Each record that follows goes into your reply unchanged; the pictures do not.

─── Available data

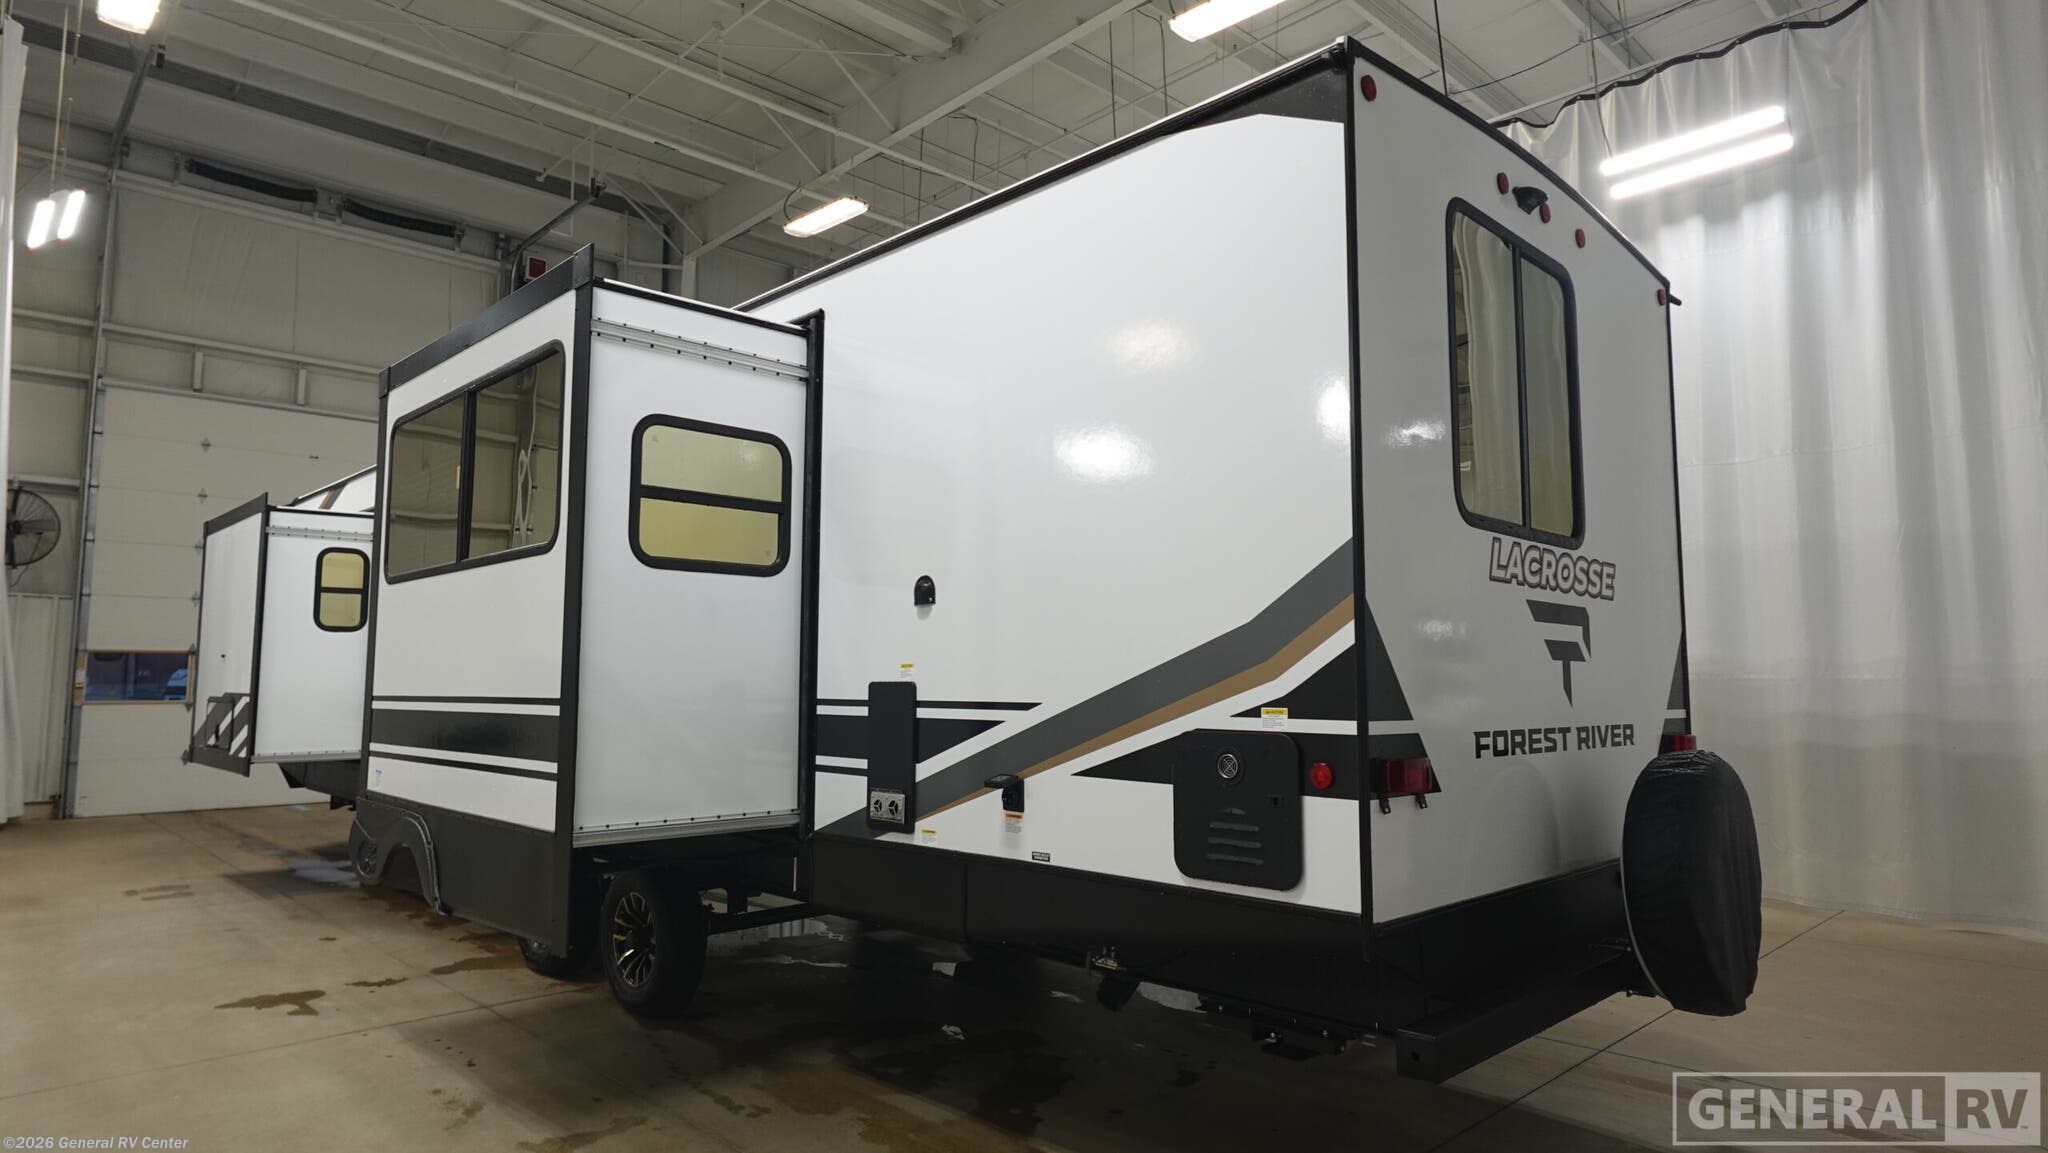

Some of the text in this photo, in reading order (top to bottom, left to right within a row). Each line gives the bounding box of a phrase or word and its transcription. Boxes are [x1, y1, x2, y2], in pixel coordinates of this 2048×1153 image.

[1489, 536, 1616, 601] LACROSSE
[1473, 724, 1635, 759] FOREST RIVER
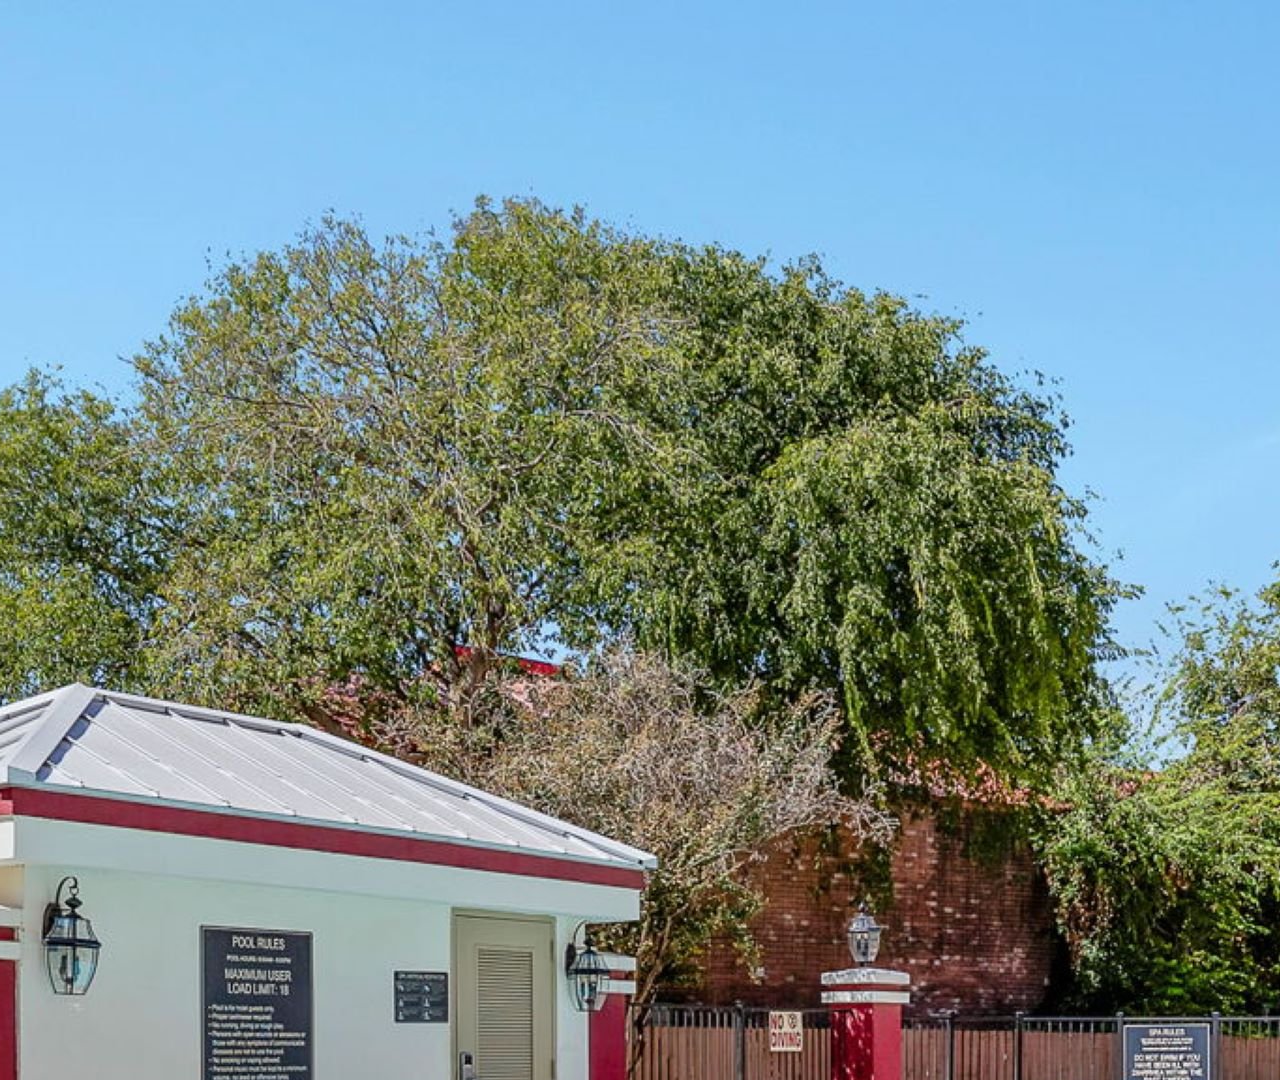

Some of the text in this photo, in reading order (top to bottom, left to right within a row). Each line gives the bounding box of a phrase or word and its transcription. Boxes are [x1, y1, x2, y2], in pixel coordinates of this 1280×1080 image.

[232, 935, 285, 950] POOL RULES
[225, 968, 292, 982] MAXIMUM USER
[227, 982, 251, 994] LOAD
[253, 983, 279, 995] LIMIT:
[770, 1014, 784, 1030] NO
[771, 1032, 801, 1048] DIVING
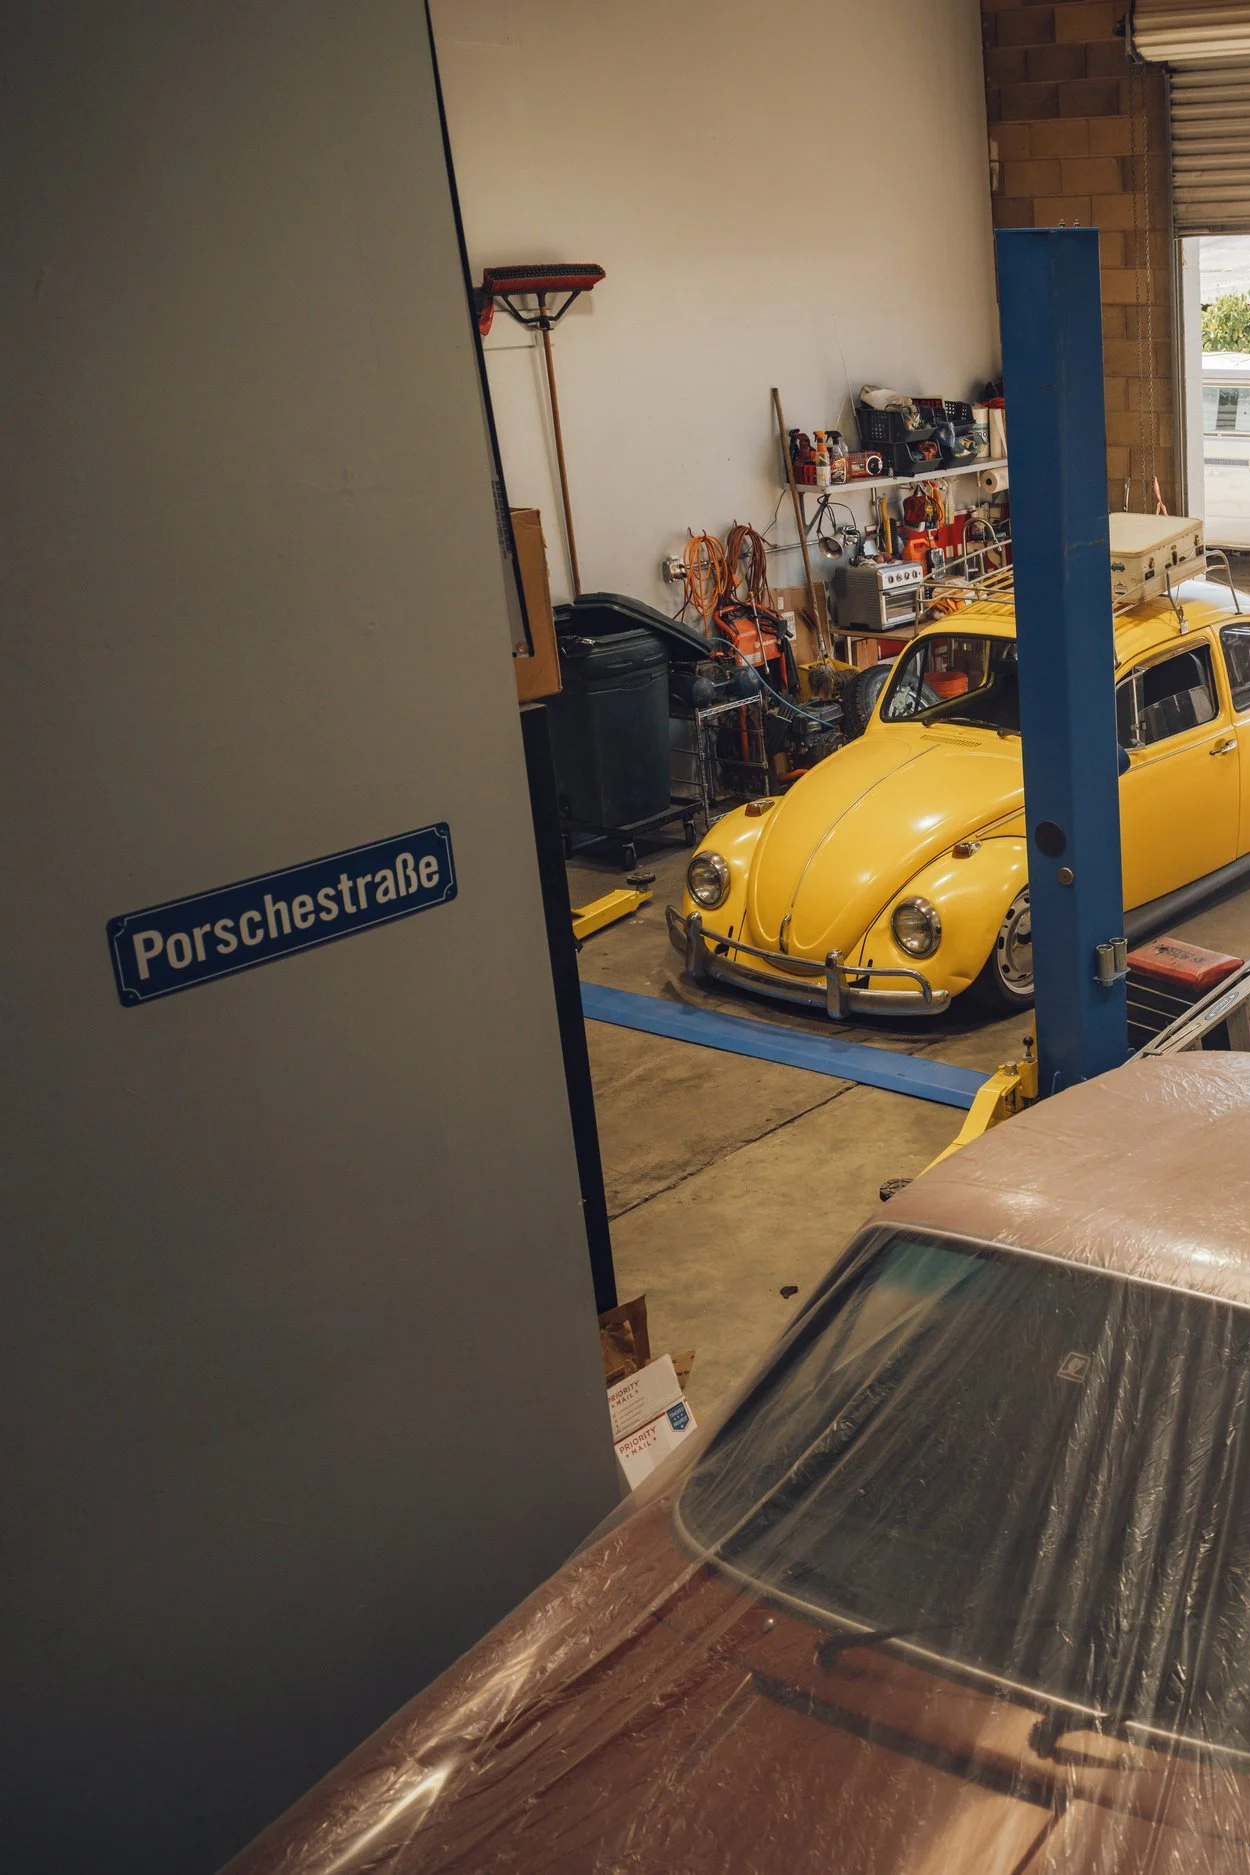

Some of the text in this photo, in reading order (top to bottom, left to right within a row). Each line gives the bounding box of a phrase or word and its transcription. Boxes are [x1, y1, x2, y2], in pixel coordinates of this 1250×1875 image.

[131, 851, 440, 981] Porschestraße
[608, 1380, 639, 1402] PRIORITY
[615, 1393, 634, 1407] MAIL
[619, 1426, 656, 1454] PRIORITY
[631, 1442, 651, 1456] MAIL
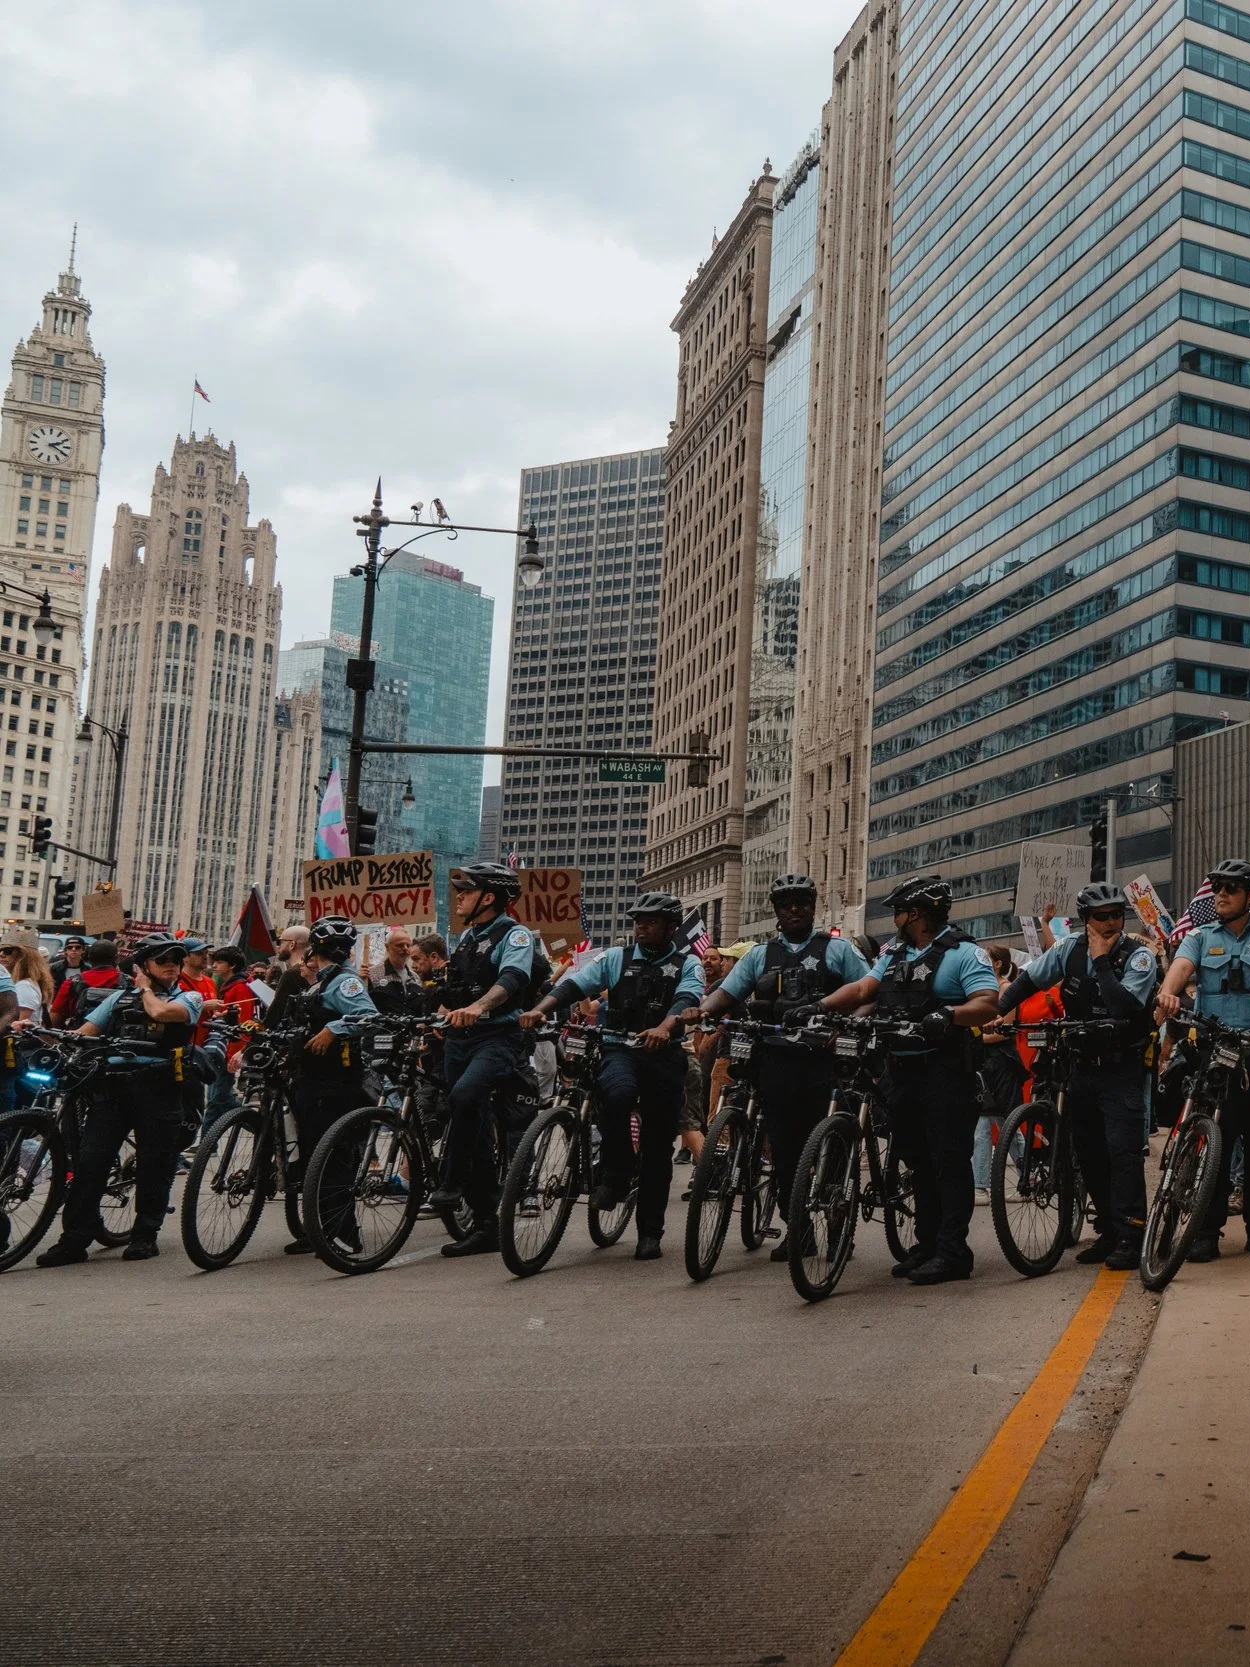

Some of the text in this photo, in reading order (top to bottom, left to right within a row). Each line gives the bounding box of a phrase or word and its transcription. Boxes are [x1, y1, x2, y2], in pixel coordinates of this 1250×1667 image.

[609, 762, 651, 773] WABASH
[652, 764, 662, 772] AV
[305, 853, 433, 892] TRUMP DESTROYS
[528, 870, 570, 892] NO
[310, 888, 432, 923] DEMOCRACY!
[505, 892, 581, 923] KINGS

──────

◆ Solution below:
Some of the text in this photo, in reading order (top to bottom, left to right within a row). Each line gives the bounding box of a phrase or word and its transcription. Boxes are [x1, y1, x2, y2], in pixel coordinates of this 2048×1153 image.

[1489, 536, 1616, 601] LACROSSE
[1473, 724, 1635, 759] FOREST RIVER

Some of the text in this photo, in reading order (top to bottom, left to right within a row). Each line gives the bounding box of a phrase or word and its transcription. Boxes are [x1, y1, x2, y2], in pixel coordinates of this 1280×1080 image.

[232, 935, 285, 950] POOL RULES
[225, 968, 292, 982] MAXIMUM USER
[227, 982, 251, 994] LOAD
[253, 983, 279, 995] LIMIT:
[770, 1014, 784, 1030] NO
[771, 1032, 801, 1048] DIVING

Some of the text in this photo, in reading order (top to bottom, left to right within a row). Each line gives the bounding box of a phrase or word and its transcription. Boxes are [x1, y1, x2, y2], in pixel coordinates of this 1250×1875 image.

[131, 851, 440, 981] Porschestraße
[608, 1380, 639, 1402] PRIORITY
[615, 1393, 634, 1407] MAIL
[619, 1426, 656, 1454] PRIORITY
[631, 1442, 651, 1456] MAIL

Some of the text in this photo, in reading order (top to bottom, left to right within a row). Each line gives the bounding box of a phrase or word and its transcription. Boxes are [x1, y1, x2, y2], in pixel coordinates of this 1250×1667 image.

[609, 762, 651, 773] WABASH
[652, 764, 662, 772] AV
[305, 853, 433, 892] TRUMP DESTROYS
[528, 870, 570, 892] NO
[310, 888, 432, 923] DEMOCRACY!
[505, 892, 581, 923] KINGS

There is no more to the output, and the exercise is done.